Q: How Do VCs Mitigate Investment Risks?
For a while in the peak craziness of late 2020-early 2022, VCs in many cases … stopped mitigating risk. The upside seemed just so high when public SaaS companies were trading as high as 50x ARR or sometimes more.
But now we’re back. To every VC taking risk, yes, that’s the job. But also mitigating it where practical.
There are a number of slightly subtle things the best VCs do, and the rest often don’t, to mitigate risk:
- Getting other investors to carry their “Yellow Lights”. You’ll end up with investments sort of doing OK, with customers, but really burning too much cash to justify another check. The best VCs find Another VC to put in 90% of the Next Check here. You don’t have to write off the investment, but you don’t have to throw much more questionable money into the deal, either.

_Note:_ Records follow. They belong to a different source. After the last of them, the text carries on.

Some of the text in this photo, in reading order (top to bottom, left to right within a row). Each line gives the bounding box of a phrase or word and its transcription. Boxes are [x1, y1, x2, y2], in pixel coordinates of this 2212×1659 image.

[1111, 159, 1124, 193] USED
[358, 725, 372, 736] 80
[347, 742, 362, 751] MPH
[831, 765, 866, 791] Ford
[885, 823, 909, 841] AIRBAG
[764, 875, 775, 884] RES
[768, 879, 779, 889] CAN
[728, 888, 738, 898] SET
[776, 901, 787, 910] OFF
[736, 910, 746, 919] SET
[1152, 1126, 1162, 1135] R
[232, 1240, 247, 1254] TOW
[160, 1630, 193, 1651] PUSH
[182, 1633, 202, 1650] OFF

- Selling their underperformers for more than they are worth. The best firms somehow sell their worst deals for $0.50 on the dollar, or $1 on the dollar, or even $1.50 on the dollar … when, really, they are write-offs. This helps a lot. I don’t know how they do it. But they do. They get acquirers to buy startups that others can’t engineer.
- Minimizing fund politics. Politics can wreck returns. Yes, every partner needs to deploy $X per fund. But returns are rarely consistent across partners. By making sure investment decisions are as free of politics as possible, fewer “Almost” deals get done, and fewer second and third checks are wasted on the wrong portfolio companies. The Almost deals never return much, if any, capital. Partners with little deal flow, or poor deal flow, or fewer relationships, should be doing fewer deals, or playing other roles.

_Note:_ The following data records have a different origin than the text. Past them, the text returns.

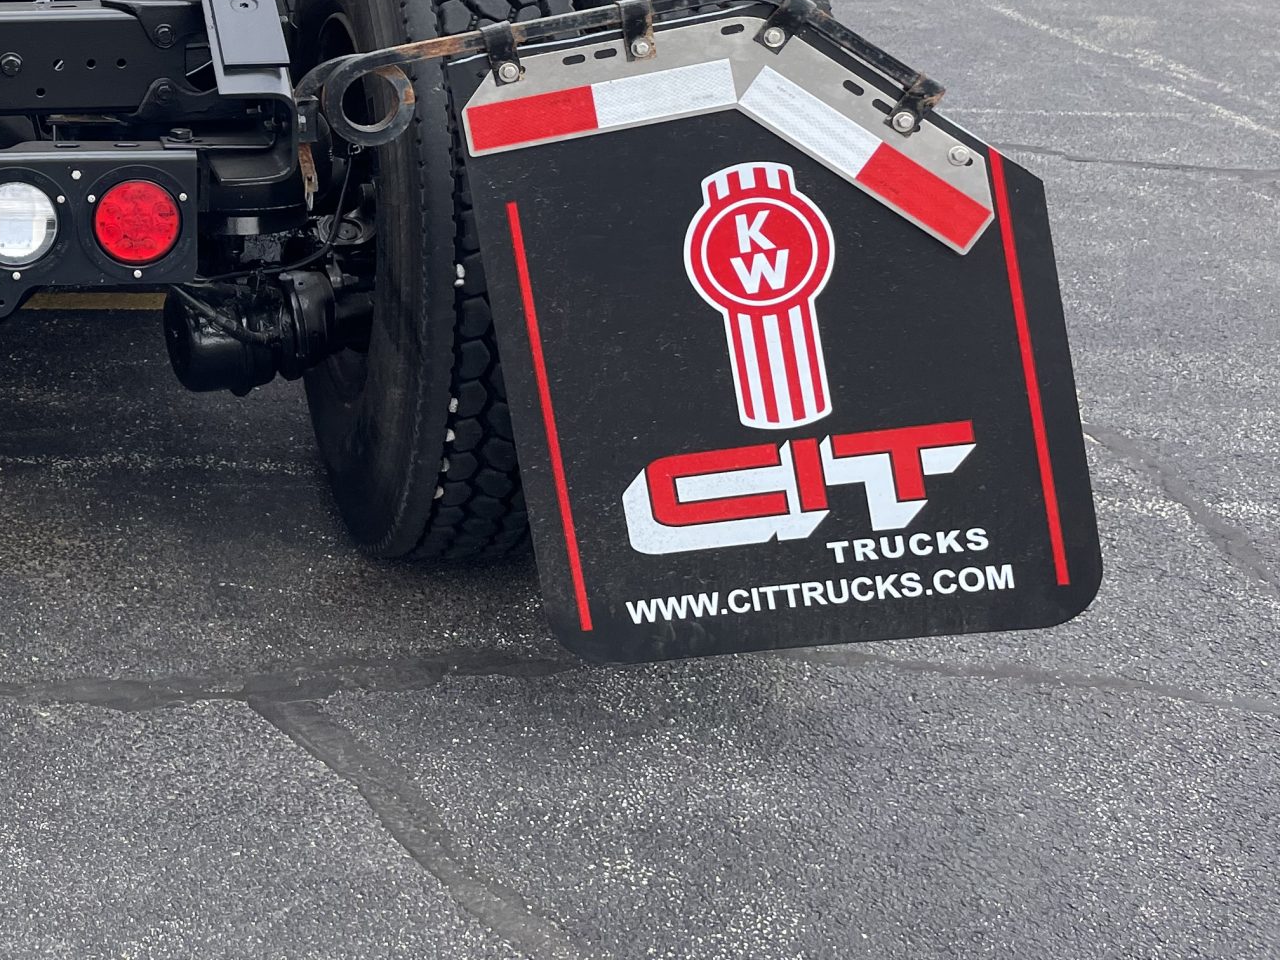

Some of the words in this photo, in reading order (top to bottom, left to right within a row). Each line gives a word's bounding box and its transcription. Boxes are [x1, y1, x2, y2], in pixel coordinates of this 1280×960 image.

[735, 210, 777, 252] K
[729, 249, 790, 294] W
[622, 420, 977, 555] CIT
[826, 527, 990, 564] TRUCKS
[625, 564, 1015, 625] WWW.CITTRUCKS.COM

- Building the right syndicates for capital-intensive deals. The wrong syndicate can wreck a capital-intensive start-up. No one wants to write the next check until there is a lead and FOMO. Lack of support in the syndicate, or a tapped-out syndicate, dramatically impacts growth and returns.
- Getting really good at pricing. This is different than low-balling founders and deals. The best deals are always expensive, so this is hard. Even more so today, in the Best of Times in SaaS and Cloud. So it’s not as simple as being “disciplined” on price. Then you would have missed Slack at $250m. Or passed on Facebook’s Series B — Peter Thiel’s #1 investing regret. It’s especially important at medium and later stages, and there are many ways to do this. You can take a little more stage risk. You can build an epic brand. You can be an amazing partner to the VCs in the round before. You can pass when you can’t make enough money on a great one. It’s nuanced. But the best firms are really, really good at this.
- Moving on with their time. Top VCs will often support the best founders even through tougher times. But mediocre founders? Or founders not giving it 100%? You sort of need to step off the board and step out of engagement if possible.